Questo è da escludere. La traduzione è firmata da Ottavio Fatica e ne risponde soltanto lui.
(grassetto originale)
Che il dubbio sorga, è indicativo. Inoltre, “Questo è da escludere” non significa “no”. Non amiamo le teorie di complotto, ma se si confronta la leggibilissima e scorrevole (sul serio, qui non siamo sarcastici) traduzione dell’Enigma di Aragorn con l’ermetico, disossato, incomprensibile, testualmente sbagliato Eärendil (lo abbiamo commentato qui e qui), davvero non sembra la stessa persona.
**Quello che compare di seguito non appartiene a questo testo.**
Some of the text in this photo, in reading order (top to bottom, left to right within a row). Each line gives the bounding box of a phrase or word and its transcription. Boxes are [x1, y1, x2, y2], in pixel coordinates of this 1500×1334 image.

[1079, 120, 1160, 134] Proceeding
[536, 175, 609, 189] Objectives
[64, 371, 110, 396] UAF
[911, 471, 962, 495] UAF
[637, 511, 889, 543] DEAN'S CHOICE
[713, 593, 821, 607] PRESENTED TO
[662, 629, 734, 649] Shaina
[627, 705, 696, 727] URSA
Segue una discussione sulla Poesia dell’Anello, che abbiamo commentato, linkando l’analisi di Kelo, molto più esperto di poesia di tutti noi messi insieme. Qundi non ci ritorniamo, se non per segnalare una frase di Canzonieri: È l’unica vera libertà che Fatica si prende nei versi, quindi è sicuramente voluta e cercata, ma solo lui ne conosce il motivo. Strano che neppure il curatore stesso e l’AIST che gli sta alle spalle sappiano il motivo delle scelte di Fatica, soprattutto in una poesia così iconica, che hanno scelto come biglietto da visita per la nuova traduzione, suscitando le reazioni che sappiamo.
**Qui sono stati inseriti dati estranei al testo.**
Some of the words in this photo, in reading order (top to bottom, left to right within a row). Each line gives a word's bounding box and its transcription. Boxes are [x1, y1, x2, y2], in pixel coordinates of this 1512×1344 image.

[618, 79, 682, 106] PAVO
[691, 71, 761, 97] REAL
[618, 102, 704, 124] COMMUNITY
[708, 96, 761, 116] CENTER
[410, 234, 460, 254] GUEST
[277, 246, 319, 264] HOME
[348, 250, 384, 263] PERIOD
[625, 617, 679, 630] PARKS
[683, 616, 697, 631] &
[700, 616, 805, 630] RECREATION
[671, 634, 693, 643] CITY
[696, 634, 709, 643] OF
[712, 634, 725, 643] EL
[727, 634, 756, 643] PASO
… l’incontro di Dain II con il messaggero di Sauron, narrato da Gloin nel corso del Consiglio di Elrond. In inglese il Re sotto la Montagna usa l’espressione “The time of my thought is my own to spend” per riferirsi alla riflessione che farà sulla proposta del Signore Oscuro.
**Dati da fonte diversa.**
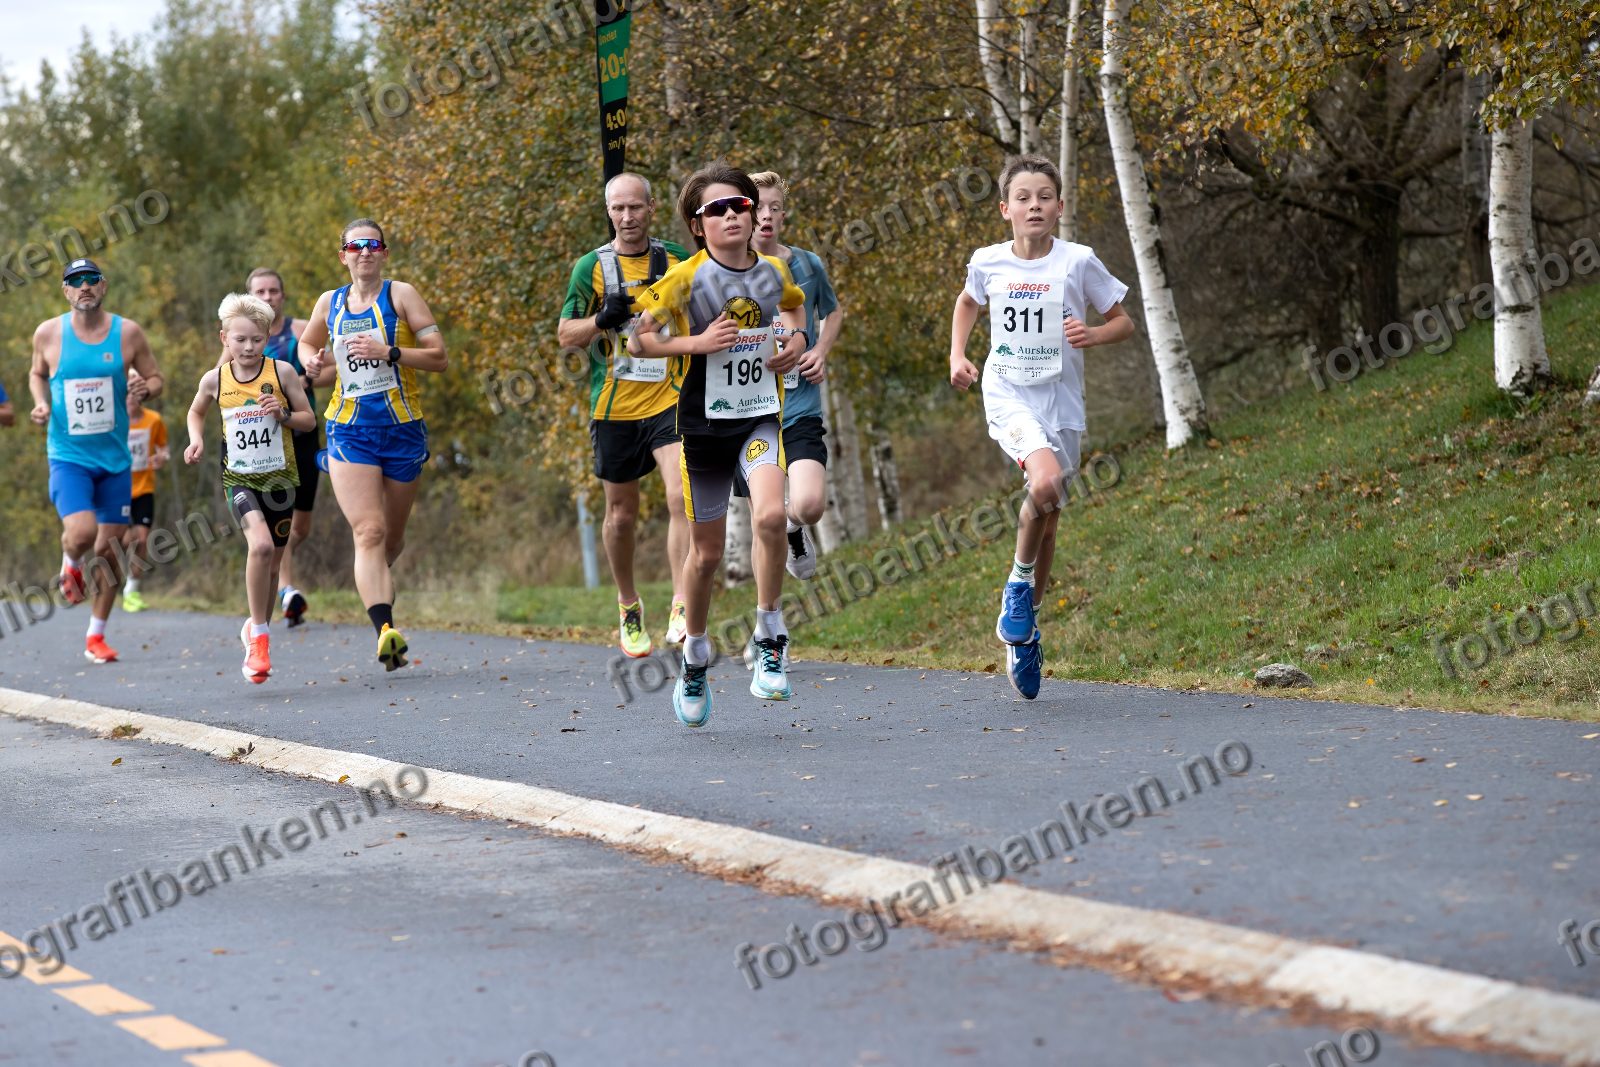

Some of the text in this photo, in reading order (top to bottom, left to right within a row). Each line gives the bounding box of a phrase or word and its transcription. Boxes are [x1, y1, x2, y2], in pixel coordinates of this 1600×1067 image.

[606, 108, 628, 130] 4:0
[1006, 282, 1050, 292] NORGES
[1009, 291, 1042, 300] LØPET
[1003, 306, 1043, 334] 311
[735, 333, 768, 344] ORGES
[729, 342, 762, 353] LØPET
[1017, 345, 1060, 357] Aurskog
[722, 357, 763, 386] 196
[364, 375, 394, 387] Aurskog
[75, 396, 105, 414] 912
[737, 394, 776, 408] Aurskog
[238, 416, 264, 425] LØPET
[235, 427, 271, 450] 344
[251, 455, 283, 466] Aurskog
L’Alliata traduce con “il tempo del mio pensiero è mio”, mentre Fatica sceglie di parafrasare con “il tempo da dedicarvi sono io a deciderlo”, allontanandosi però dall’originale di Tolkien.
In realtà in questo caso se ne allontanano entrambi, ma Fatica meno. Laddove l’Alliata/Principe parafrasa e allunga – “Il tempo del mio pensiero è mio, e sono libero di impiegarne quanto voglio” – Fatica come sempre rimane più asciutto – “Il tempo da dedicarvi sono io a deciderlo” – ed evita anche la sgradevole ripetizione del “mio”. Sono però d’accordo che in questo caso una traduzione più letterale sarebbe andata benissimo. “Il tempo del mio pensiero sta a me spenderlo” sarebbe stato più fedele e altrettanto efficace.
(grassetto originale)
Ecco un esempio che ci era sfuggito. Concordiamo con la traduzione di Canzonieri. Ma allora perché il curatore non ha suggerito la modifica? Sarà sfuggita anche a lui, comprensibile con un’opera di questo pondo, ma di nuovo, date le dichiarazioni dell’intera organizzazione sul Vero Tolkien, è un po’ poco professionale. Staremo a vedere quando uscirà a ottobre l’edizione in un volume solo, che pare sia stata riveduta e corretta.
Fatica privilegia moltissimo l’aderenza al testo. Ma ovviamente non la persegue nel cento per cento dei casi e solo lui potrebbe spiegare pienamente le singole scelte. A volte si possono avanzare ipotesi più o meno fondate, ma altre nemmeno quelle.
Vedi sopra.
Senza voler scendere nello specifico della polemica, sorge spontanea una domanda: se ci sia stato il tentativo di coinvolgerla [Alliata] in questo progetto.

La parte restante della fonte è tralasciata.